La frecuencia de recombinación en el hombre es del 1%, lo que indica que ocupa 1/3000 partes en el cromosoma 6, y el 0.8% del genoma humano. Se suelen heredar como una unidad y de forma mendeliana. Hay una diferencia sustancial, entre la frecuencia de los principales alelos en cada uno de los loci HLA. El HLA-A2 esta presente en el 27% de la población y el HLA-A1 y A3 no aparece en la población japonesa.

3. CEPAS CONGENICAS DE RATONES.

Se definen como congénicas aquellas razas que son genéticamente idénticas en todos los loci de su genoma, excepto en un locus o complejo génico particular.

En una población exogámica normal, el cromosoma procedente de la madre difiere del cromosoma del mismo número, del padre. Se pueden producir animales consanguíneos con un método de procreación endogámico repetido. Serán necesarios unos 12 cruces endogámicos sucesivos para que se produzcan animales idénticos con respecto a sus autosomas.

4. VARIACIÓN ESTRUCTURAL DE LOS ANTÍGENOS MHC.

4.1. ESPECIFICIDADES PÚBLICAS Y PRIVADAS.

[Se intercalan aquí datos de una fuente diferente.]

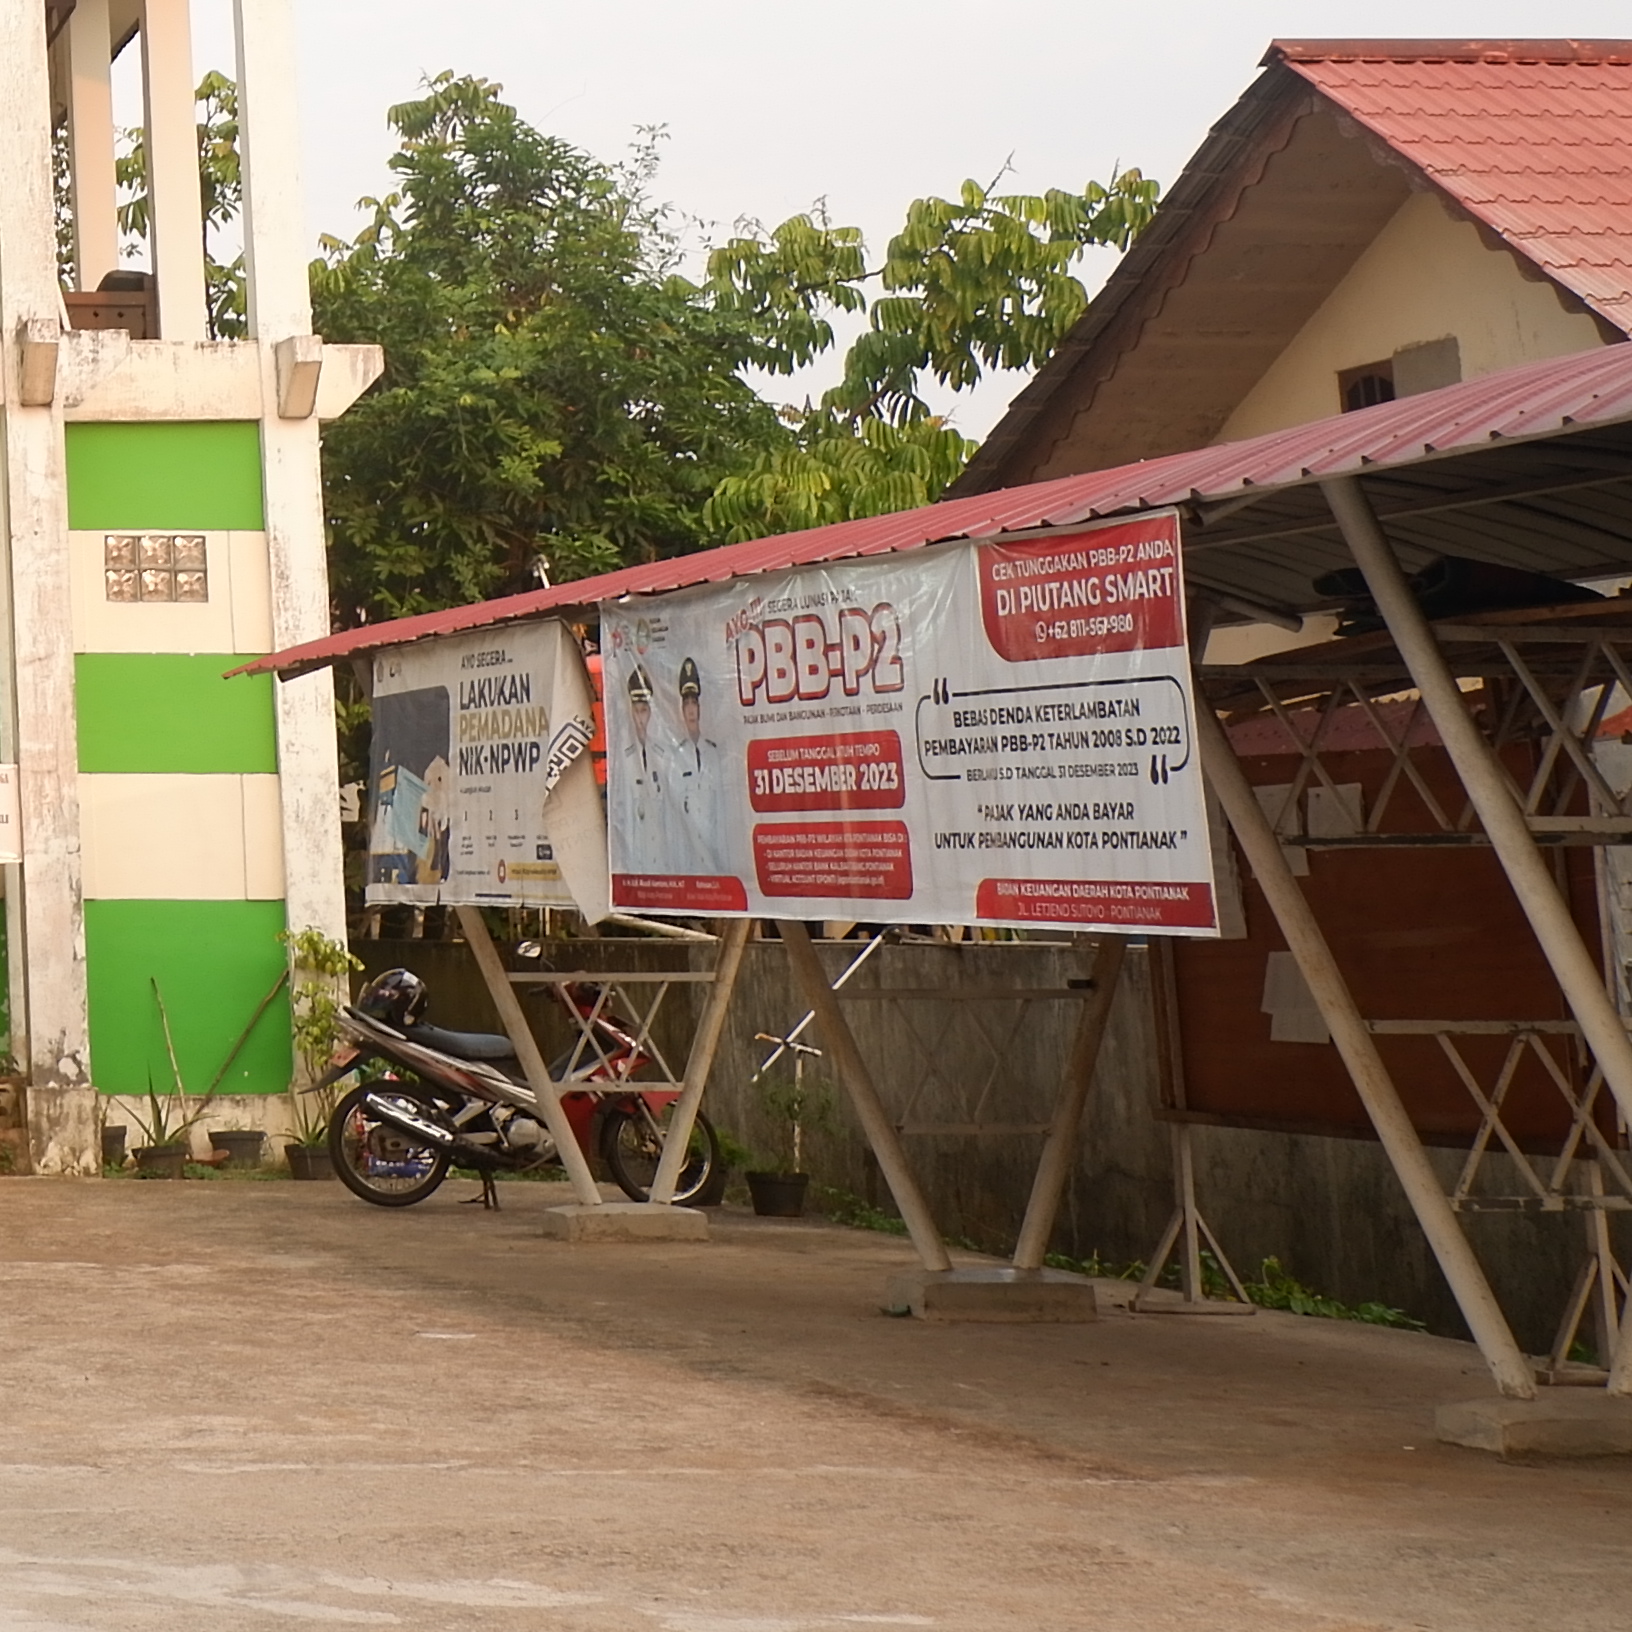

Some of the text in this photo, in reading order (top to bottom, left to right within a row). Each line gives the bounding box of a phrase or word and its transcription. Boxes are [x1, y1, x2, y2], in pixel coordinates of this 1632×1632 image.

Sí se examinan los Ags de una determinada región del MHC, de cepas diferentes; se encuentran estructuras básicas similares, pero la estructura fina de los Ags difiere en cada alotipo. Se ha establecido un cuadro estándar de antisueros específicos para cada alotipo, con el que se pueden comparar y definir las especificidades publicas (comunes a varios Ags) y privadas (específicas de un Ag).

4.2. TIPIFICACIÓN DE TEJIDOS.

Se usa para determinar la idoneidad de los tejidos que van a ser trasplantados.

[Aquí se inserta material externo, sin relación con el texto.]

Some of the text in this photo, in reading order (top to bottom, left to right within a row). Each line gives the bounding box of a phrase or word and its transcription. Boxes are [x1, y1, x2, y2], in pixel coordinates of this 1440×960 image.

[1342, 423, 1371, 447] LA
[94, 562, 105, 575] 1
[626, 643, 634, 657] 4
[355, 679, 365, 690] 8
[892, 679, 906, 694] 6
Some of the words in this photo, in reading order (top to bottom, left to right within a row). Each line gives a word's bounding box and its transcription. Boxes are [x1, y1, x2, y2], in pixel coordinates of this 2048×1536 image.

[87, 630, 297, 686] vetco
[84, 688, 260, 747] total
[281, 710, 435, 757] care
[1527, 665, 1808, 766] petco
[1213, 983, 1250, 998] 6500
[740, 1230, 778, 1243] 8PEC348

4.2.1. PRUEBA DE MICROLINFOTOXICIDAD PARA ANTÍGENOS HLA-I y II.

Las células mononucleares son obtenidas por centrifugación en gradiente de Ficoll-Hypaque en sangre heparinizada. Después se separan los LT de los LB y macrófagos en una microcolumna de lana de nylon que retiene LB y macrófagos. Los LT se enfrentan a un panel de Ac anti-HLA-I (Ac tipificados para la clasificación de tejidos); los LB y macrófagos a Ac anti-HLA-II. Por ultimo se añade complemento para que produzca la lisis en caso de que la reacción antigénica sea positiva. Las células dañadas permitirán la entrada de un colorante (eosina o azul de tripan) y aparecen coloreadas en el microscopio de contraste de fases.

4.2.2. TIPIFICACIÓN DEL HLA-D POR MEDIO DE CULTIVO MIXTO DE LINFOCITOS (MLR).

Se añaden e incuban células mononucleares (separadas en gradiente de concentración de Fycoll-Hypaque) a un panel de células homocigóticas tipificadas tratadas con mitomicina (HTC) que no pueden proliferar. Las células T que reconocen como extraña las HTC son estimuladas y proliferan, detectándose por la incorporación de timidina tritiada.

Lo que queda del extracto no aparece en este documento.